The world in 2012 was not a safe place for children
In Syria hundreds of thousands refugees left their homes on the run from violence. The conflict-stricken country of Afghanistan remained a harsh place for children and young people. In Gaza, the 8-day Israeli offensive affected many children, youth and their families. In the forgotten war zone of the DR Congo, attacks, rapes and other atrocities were reported every day. In Colombia millions of children could not live in their hometowns.
As a consequence of war, children can lose their confidence and trust in others and also in their own future. They are often anxious, depressed and withdrawn, or rebellious and aggressive.
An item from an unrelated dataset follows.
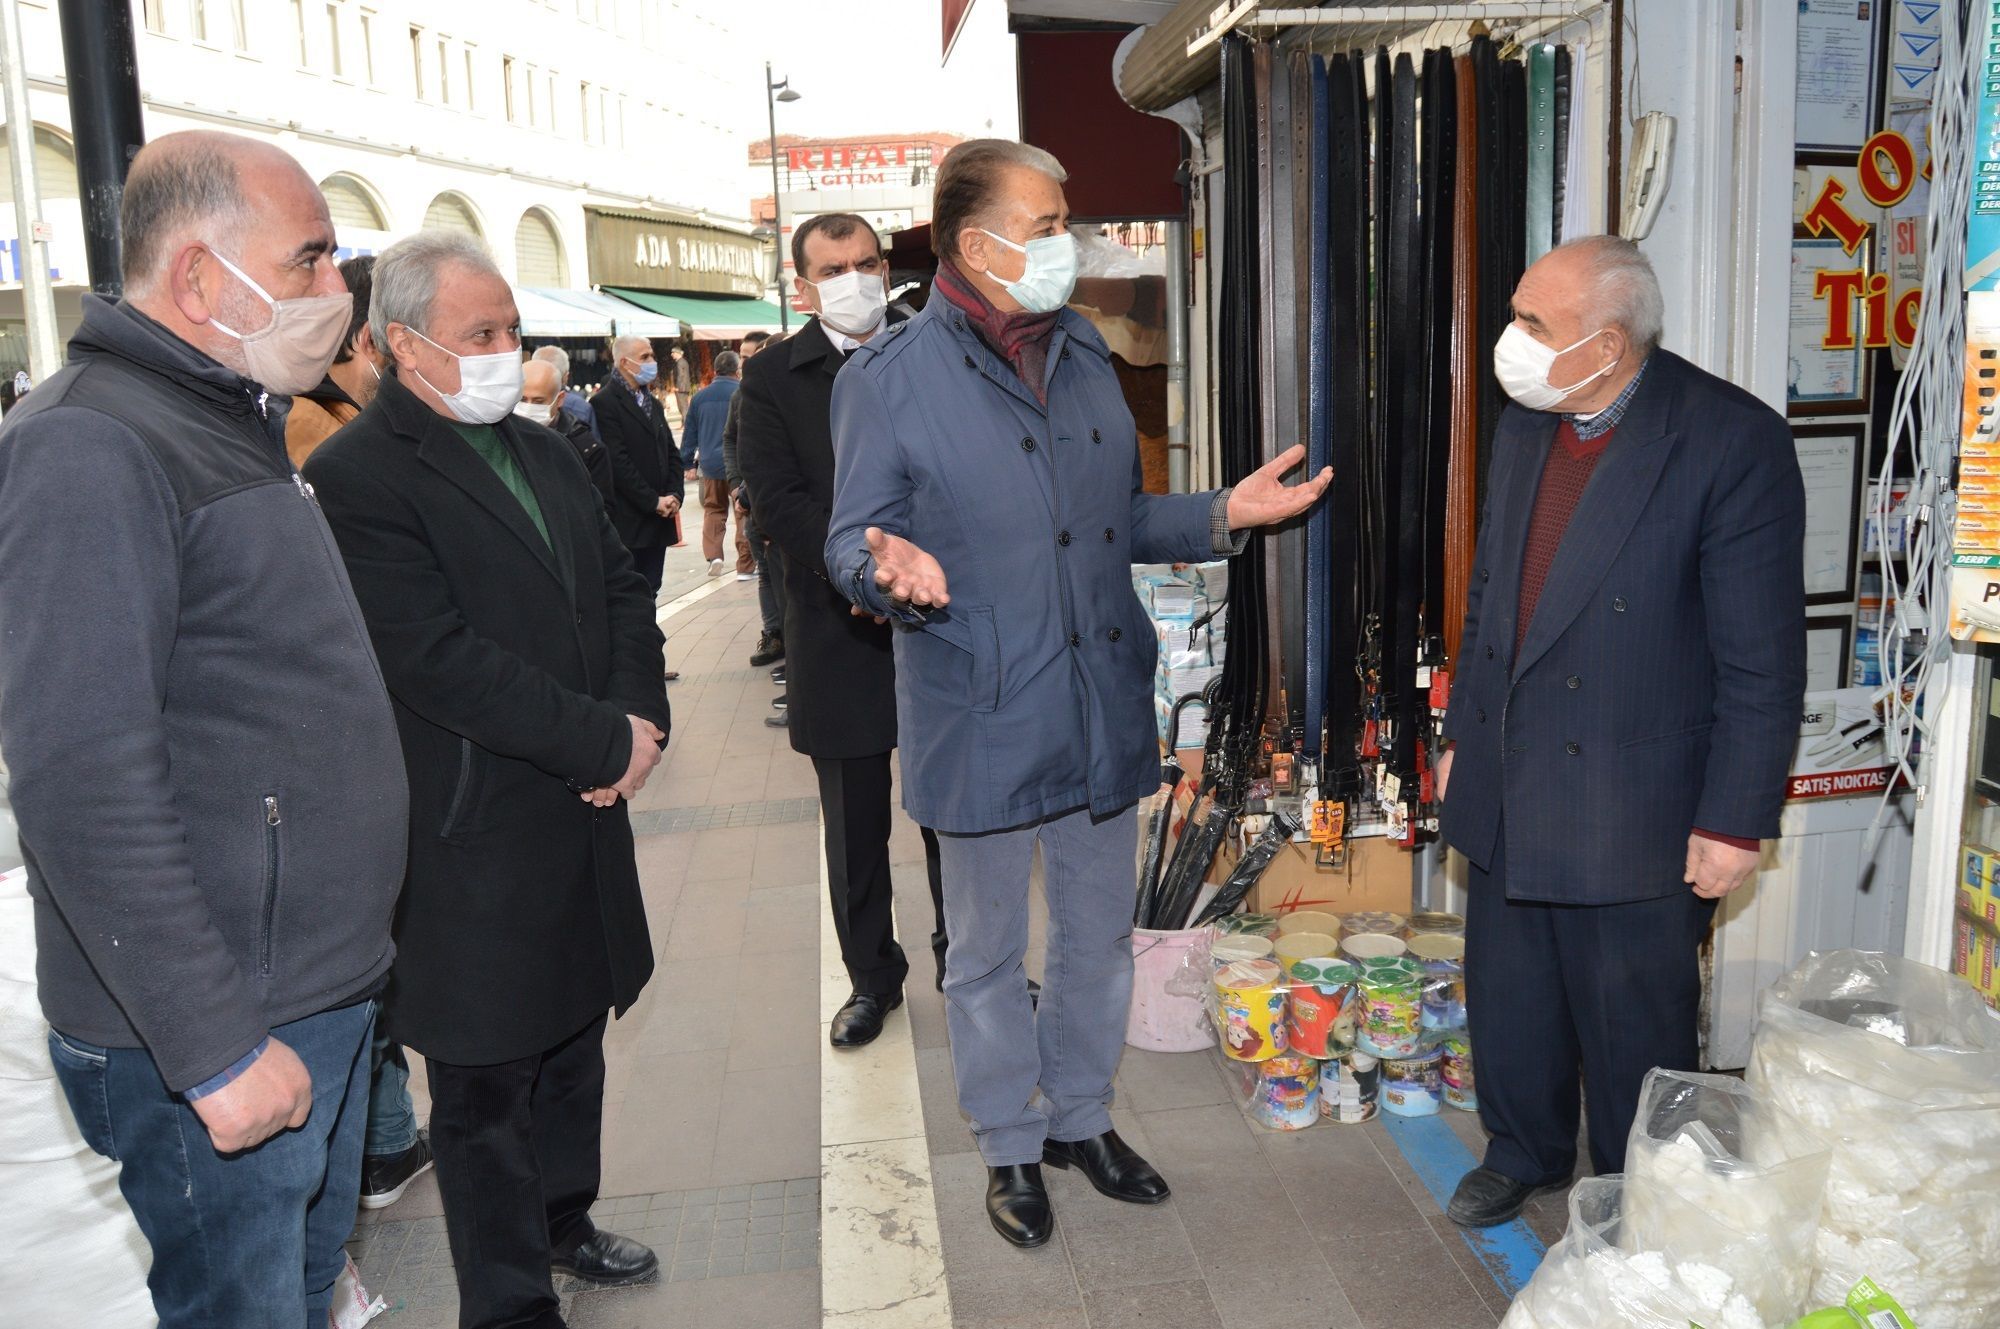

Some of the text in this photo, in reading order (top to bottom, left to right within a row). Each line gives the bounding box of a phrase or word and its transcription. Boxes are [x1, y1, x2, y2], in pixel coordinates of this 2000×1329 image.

[1804, 129, 1933, 258] TO
[635, 233, 671, 267] ADA
[1956, 555, 1992, 564] DERBY
[1793, 771, 1887, 794] SATIŞ NOKTAS
War Child programmes in 2012
War Child has been and will be present in these areas affected by war, where children are the most vulnerable to its devastating consequences. In 2012 we started more programmes closer to active conflict zones. Our experience taught us that our interventions are effective when children and young people are on the move to escape from the violence of war and conflict. That is why we started our emergency response programme in northern Lebanon, where tens of thousands of refugees from Syria crossed the border. In DR Congo we started new projects in the eastern part of the country where the security situation is very unstable. In Colombia we moved our programming to one of the departments where families are directly affected by the present conflict.
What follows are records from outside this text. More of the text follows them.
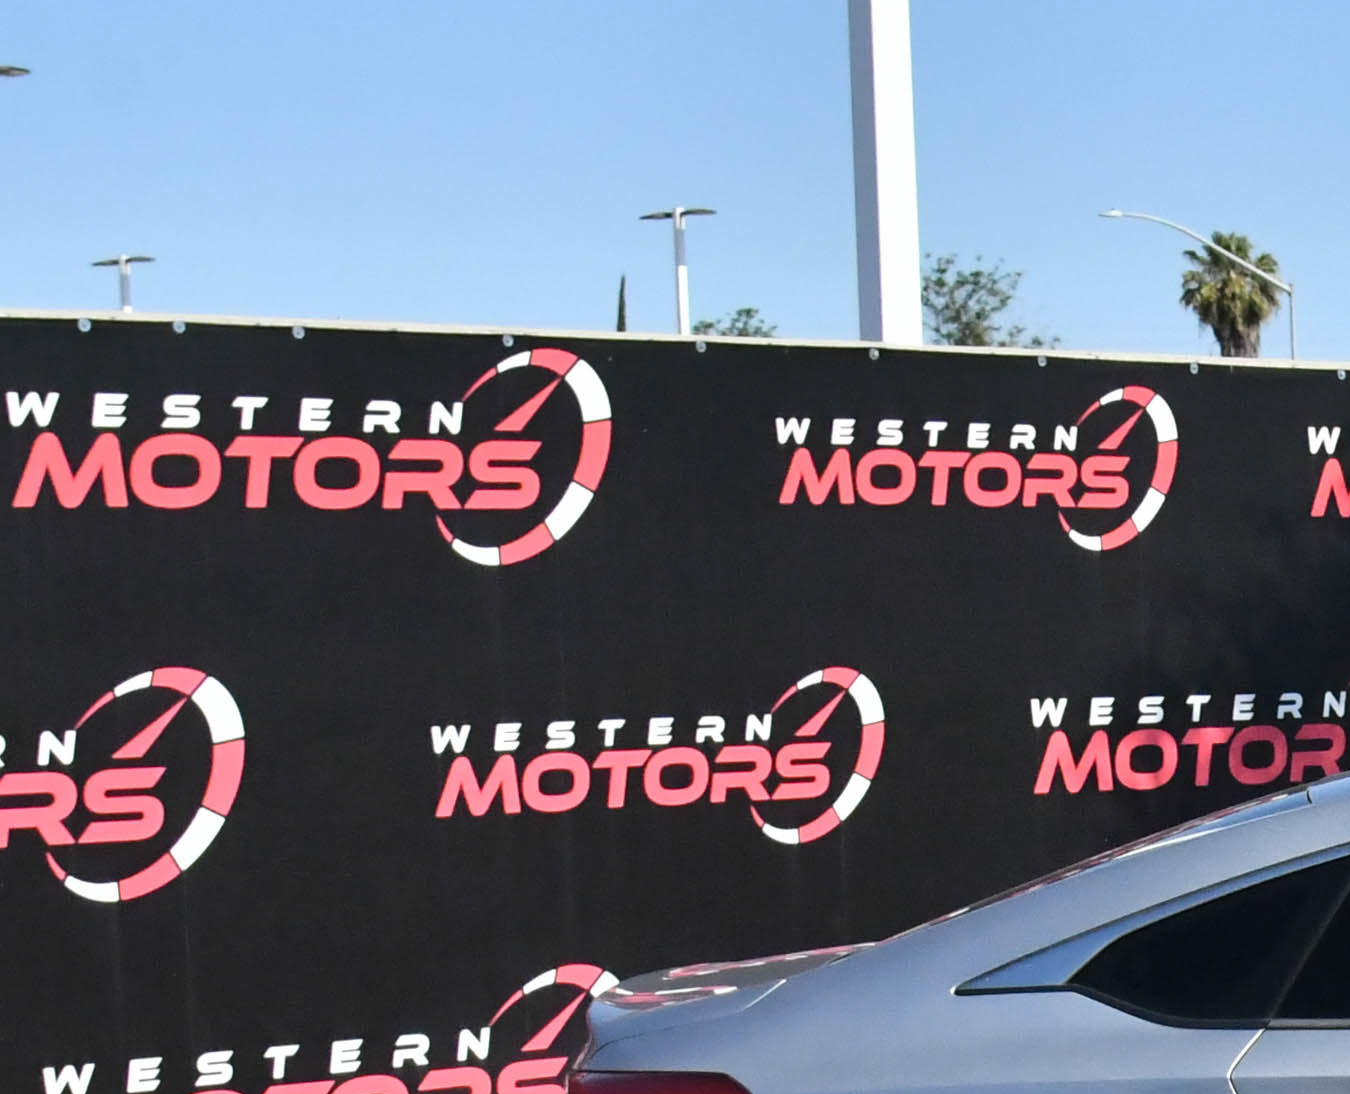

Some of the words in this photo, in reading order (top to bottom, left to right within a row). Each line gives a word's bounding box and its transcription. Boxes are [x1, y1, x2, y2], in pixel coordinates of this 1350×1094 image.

[6, 392, 463, 434] WESTERN
[776, 417, 1077, 450] WESTERN
[13, 432, 542, 510] MOTORS
[779, 448, 1130, 508] MOTORS
[1031, 691, 1346, 727] WESTERN
[431, 715, 772, 753] WESTERN
[435, 745, 831, 818] MOTORS
In 2012 approximately 483,000 people of whom 347,000 were children (15 and under) and young people (16-24) actively participated in War Child’s programmes in 11 conflict-affected areas. We protected them from violence, provided psychosocial support, and facilitated access to quality education. War Child improved the resilience of children and young people and enabled them to shape their own futures. Parents, teachers, social workers, volunteers, and local leaders engaged in activities enabling them to positively interact with children, fulfil their responsibility towards children, and give them the support they need to fully develop into healthy adults.
Besides these active participants, War Child programmes reached 5.6 million people, of which 3.5 million were children and young people, in other ways. People were reached indirectly through trained teachers, parents and caregivers (1.1 million people), and through theatre performances, lobby activities, events, and media programmes (4.5 million people). These activities are mainly advocacy and awareness raising activities. They aim, for example, at motivating decision makers to change policies that are harmful to children. And they aim at raising awareness in communities as a starting point for changing harmful practices like abuse. In this way they complement the results of the activities in which participants are actively involved.